Flow peacefully along with the boundless energy that is in this day. Celebrate the miracle of being.

Breathe in the exquisite beauty of all this is. Though events and circumstances constantly change, nothing can interrupt the wonder of it all.

Float freely above the burden of having to place a judgment on everything. Enjoy the opportunity to experience whatever comes your way.

Greet this moment with a curious, thankful and loving heart. And allow it to be the best time yet.

A Wise Man said...

DIANE said...

Did you watch NieNie on Oprah? Because I had your exact same feeling after watching her interview. Even as the mom of teenagers who are constantly on the run and leaving messes behind them, I still have to remind myself to savor these moments as they grow up. It's flying by!

Unknown said...

My Dearest Julie
In the 10+ years that we have been together, I have never loved you more than I do at this moment.

I am sitting in LAX, killing time, on my way back to you and the minis. And I thought I would check the blog between work emails to catch up on the home front.

And I find this post. This wonderful post! It illustrates perfectly YOUR spirit. Your words, your voice, and the thoughtfulness behind them, embody the very essence of YOU and everything that I love about you.

Thank you for this.

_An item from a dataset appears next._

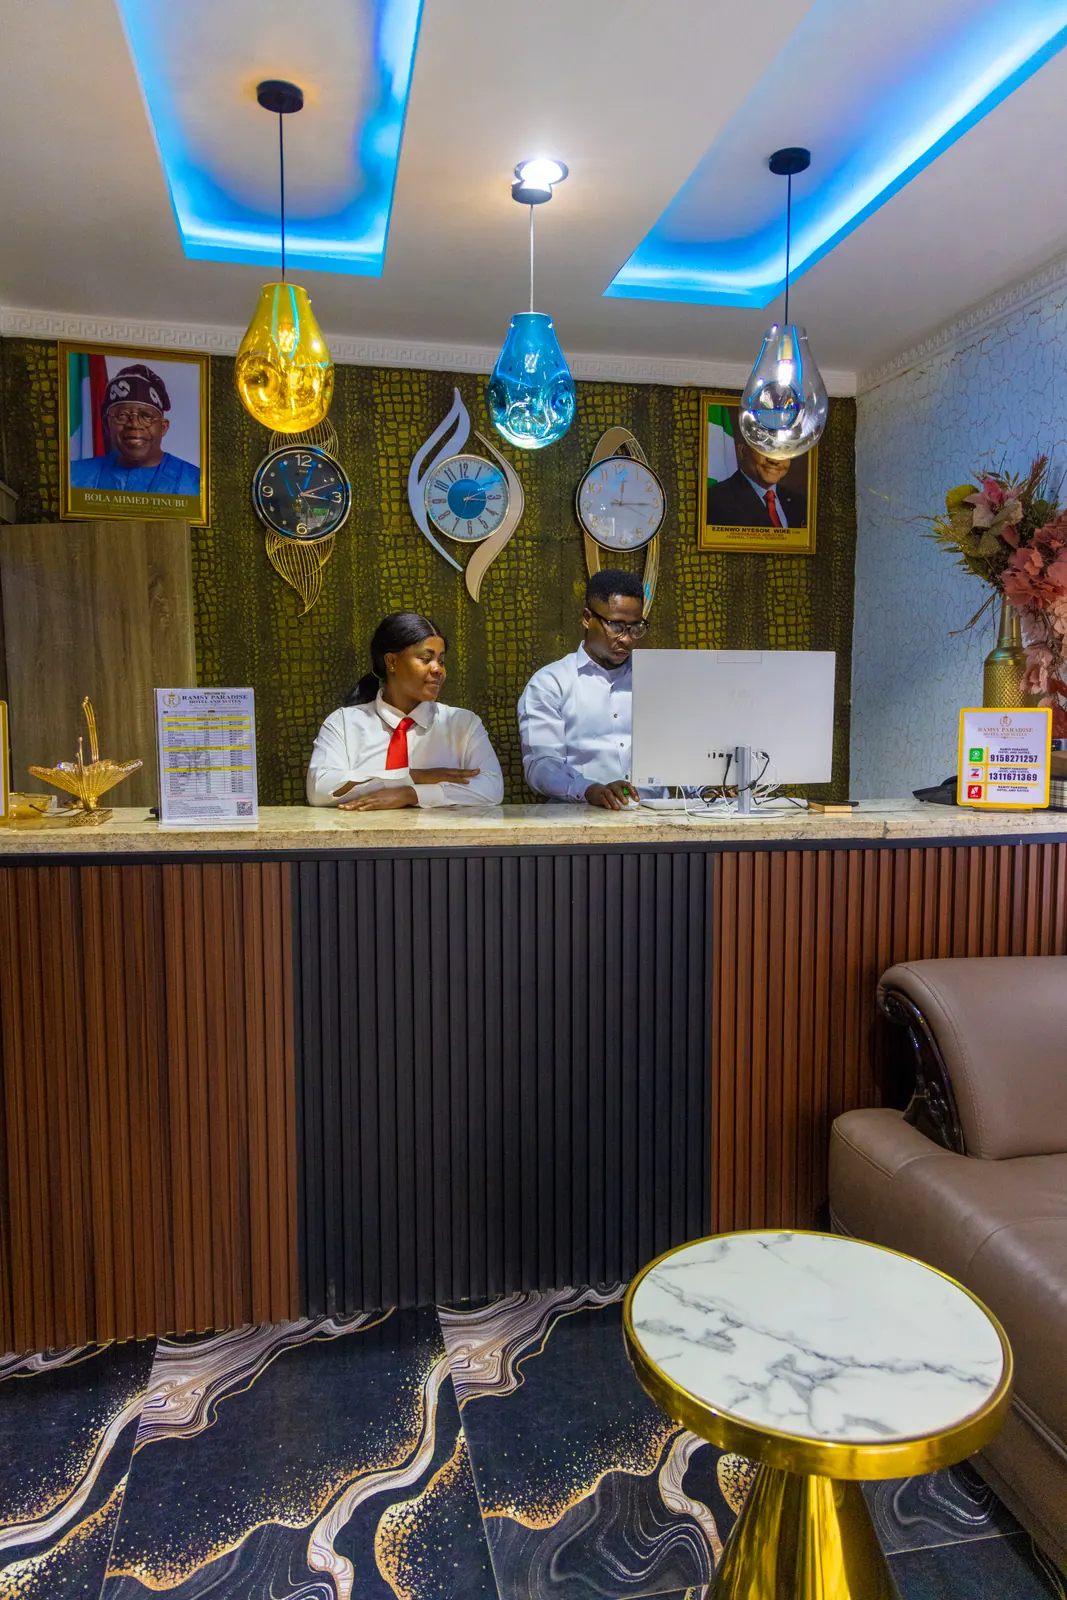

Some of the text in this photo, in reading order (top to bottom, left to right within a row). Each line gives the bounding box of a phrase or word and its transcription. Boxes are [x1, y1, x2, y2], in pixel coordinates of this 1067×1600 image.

At a time and place where I least expected it, you have reminded me of how blessed I am to be yours. I would be lucky just to know you. But being married to you is a blessing that I will spend the rest of my life trying to deserve.

YOU fill MY life with joy.

All My Lovin
Christopher

Laura and Corey said...

ok, so i was in love with you when i read your post but when i read your husband's comment to your post, my love shifted to him.

and now i sit here in a big pile of "live in the moment" love and goo.

im so on board with this.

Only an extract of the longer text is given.